Mike, James, Alex, and anybody who claims that GPT is a dependable source of information,

Analogies are very useful for abduction (Peirce's word for educated guesses).  They must be checked for internal consistency by deduction, and they must be tested for consistency with the subject matter by deduction from currently established theories, and induction with observations that are not adequately explained by current theories.

The best that can be said about comparing quantum mechanics to pointilism is that that it is a clever idea that supports some interesting comparisons.  But there is an enormous amount of work required to develop a detailed mathematical theory of that comparison, check it for internal consistency of the parts of the theory and external consistency with the well established theories of QM.  If both of those checks are OK, the idea would be an interesting example for teaching QM.

But those checks would not add anything to existing theory.  They just add new ways of talking about it.  It those ways lead to simpler math and better teaching methods, then they would be a very useful addition to current explanations of QM.

But to make new contributions to QM. the new theory must make further predictions that go beyond current theories.  That requires induction to test the applicability of the theory beyond what is already known.

From the current evidence, the pointillist theory hasn't yet reached the first step.  It's possible that it might be developed into a good teaching tool for current QM, but there's a huge amount of work to be done.

As far as the new theory leading to totally new discoveries, that is an enormously difficult issue.  Since over a century of research by the best physicists in the world have gone into the current theories, I strongly doubt that the new version would go beyond what is currently known.

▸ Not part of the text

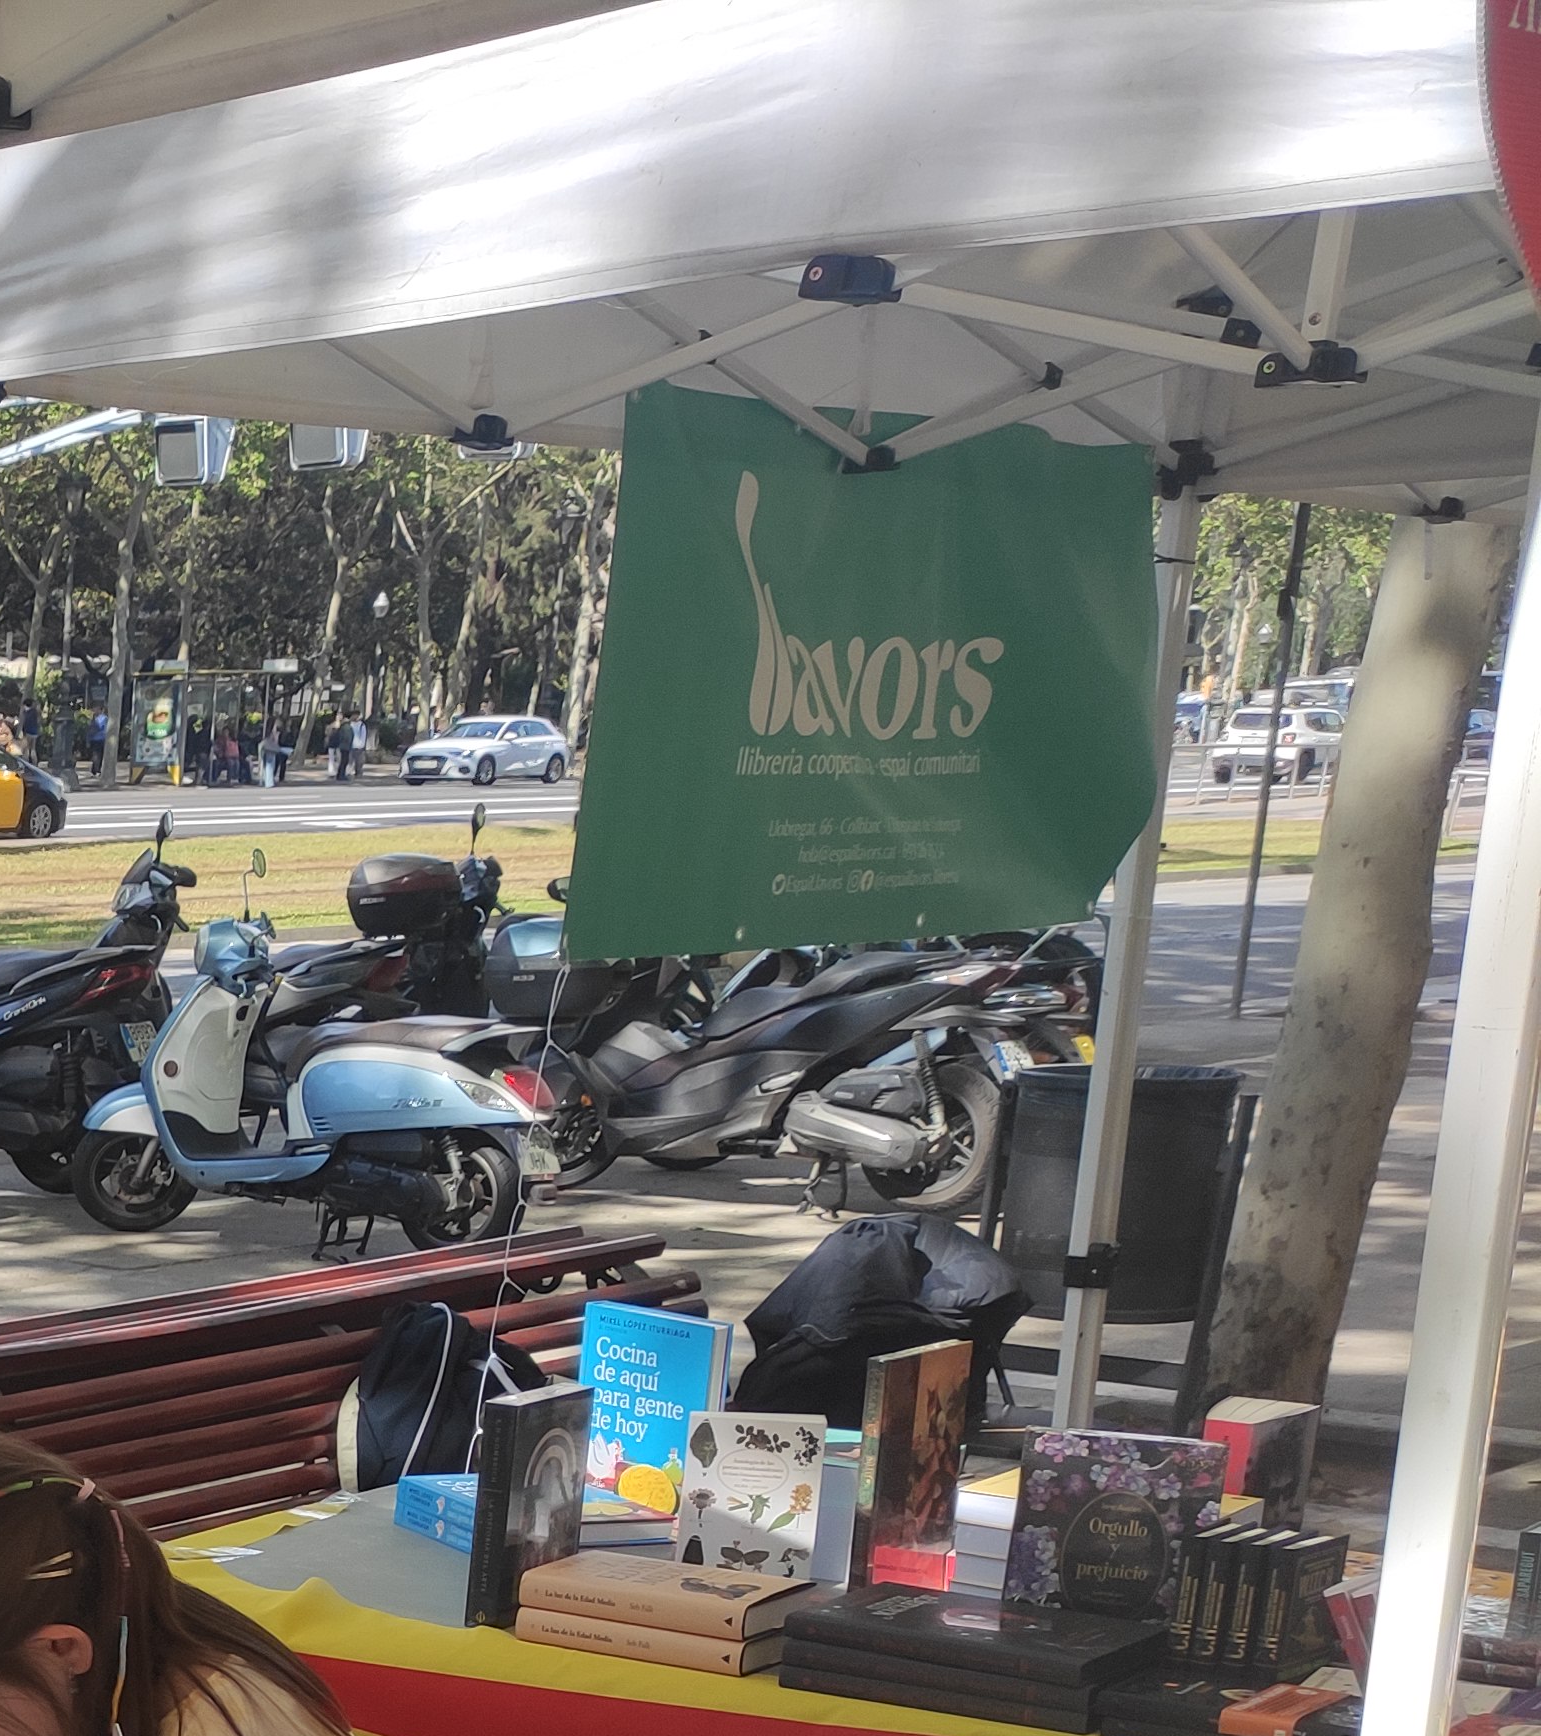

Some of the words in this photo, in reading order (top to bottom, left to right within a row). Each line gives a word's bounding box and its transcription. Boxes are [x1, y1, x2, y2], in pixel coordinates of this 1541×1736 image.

Note that the above comments are written by somebody (me) who took some courses in QM and advanced QM theories and applications in the 1970s.  I have done a fair amount of reading of popular source, such as the Scientific American since then.  But I have not done any detailed R & D on QM since them.  But note that I was able to give a far more detailed analysis of the issues than anything that GPT could produce. 

Conclusion:  Wikipedia (which is updated by leading professionals in every branch of science) is a far, far better source for answers (with reliable references for further study) than anything produced by GPT.  If you're searching for solid advice on an advanced topic in any field, Wikipedia (and more advanced reference documents on the WWW)  are much, much more trustworthy than anything you get from GPT.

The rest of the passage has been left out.